Task to carry out: Set the listing down unchanged, minus every embedded image.

Input records:
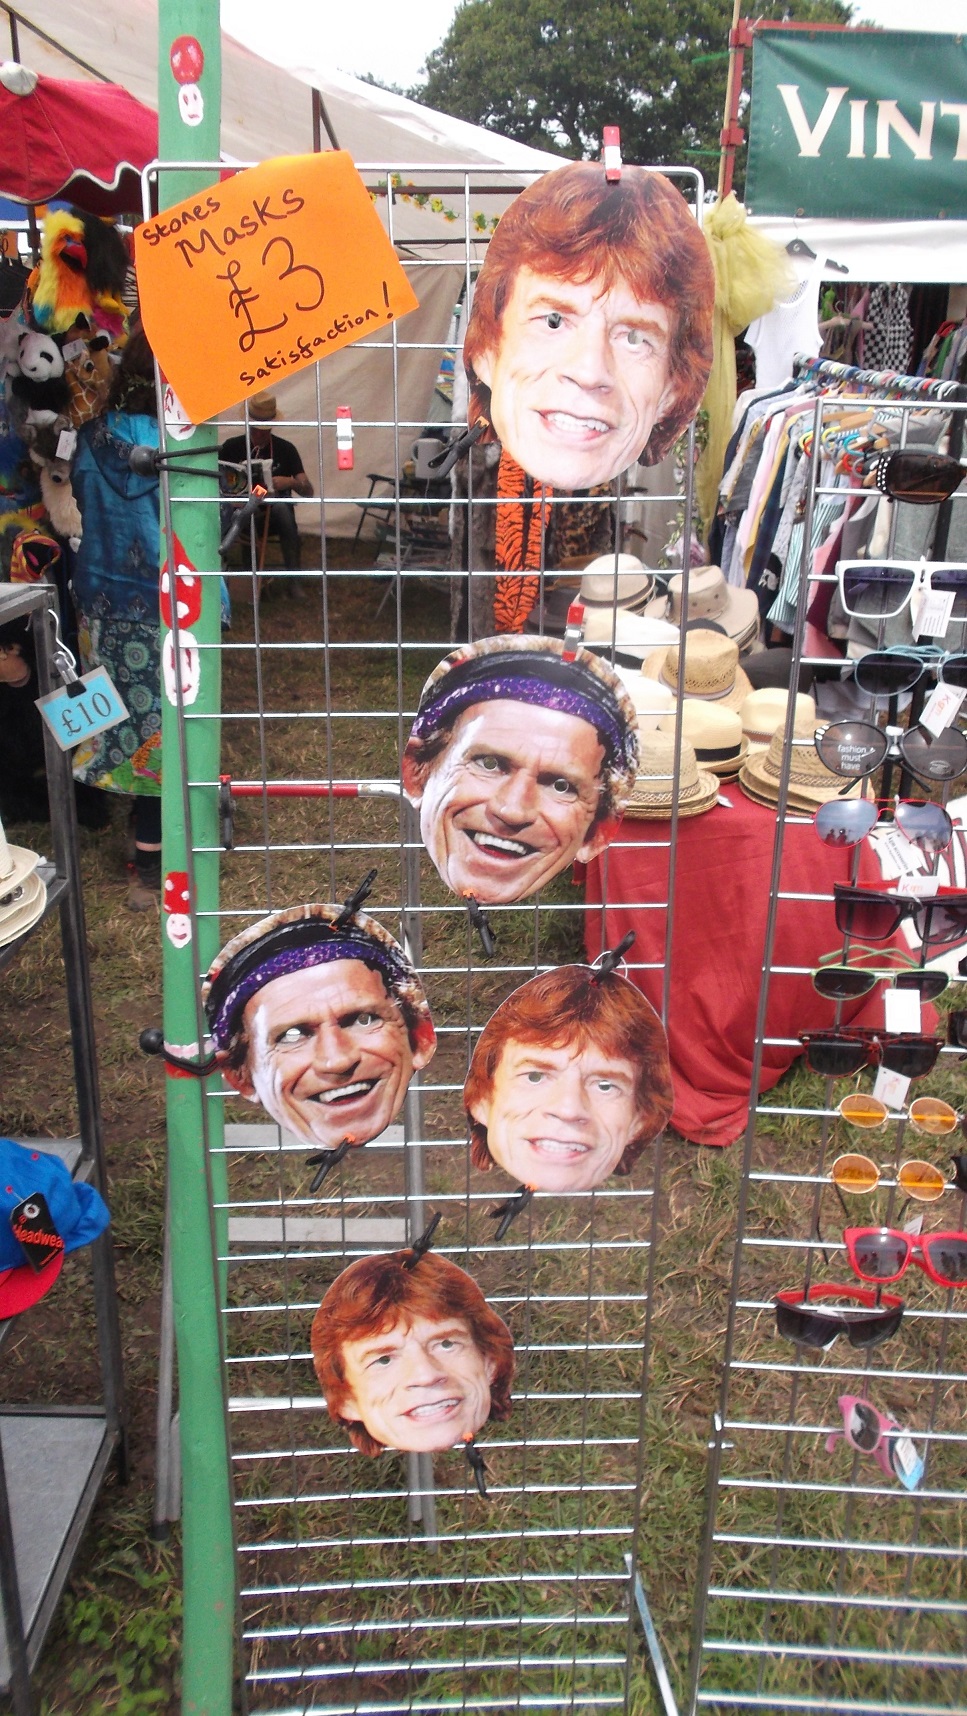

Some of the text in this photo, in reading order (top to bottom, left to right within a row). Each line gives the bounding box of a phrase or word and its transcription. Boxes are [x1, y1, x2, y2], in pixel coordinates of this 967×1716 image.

[216, 236, 325, 353] £3
[61, 692, 112, 737] £10
[837, 744, 867, 754] fashion
[841, 754, 862, 762] must
[840, 761, 861, 770] have

Answer box:
Some of the text in this photo, in reading order (top to bottom, left to right within a row). Each line gives the bounding box of a phrase or word and its transcription. Boxes are [x1, y1, x2, y2], in pixel coordinates of this 967×1716 image.

[216, 236, 325, 353] £3
[61, 692, 112, 737] £10
[837, 744, 867, 754] fashion
[841, 754, 862, 762] must
[840, 761, 861, 770] have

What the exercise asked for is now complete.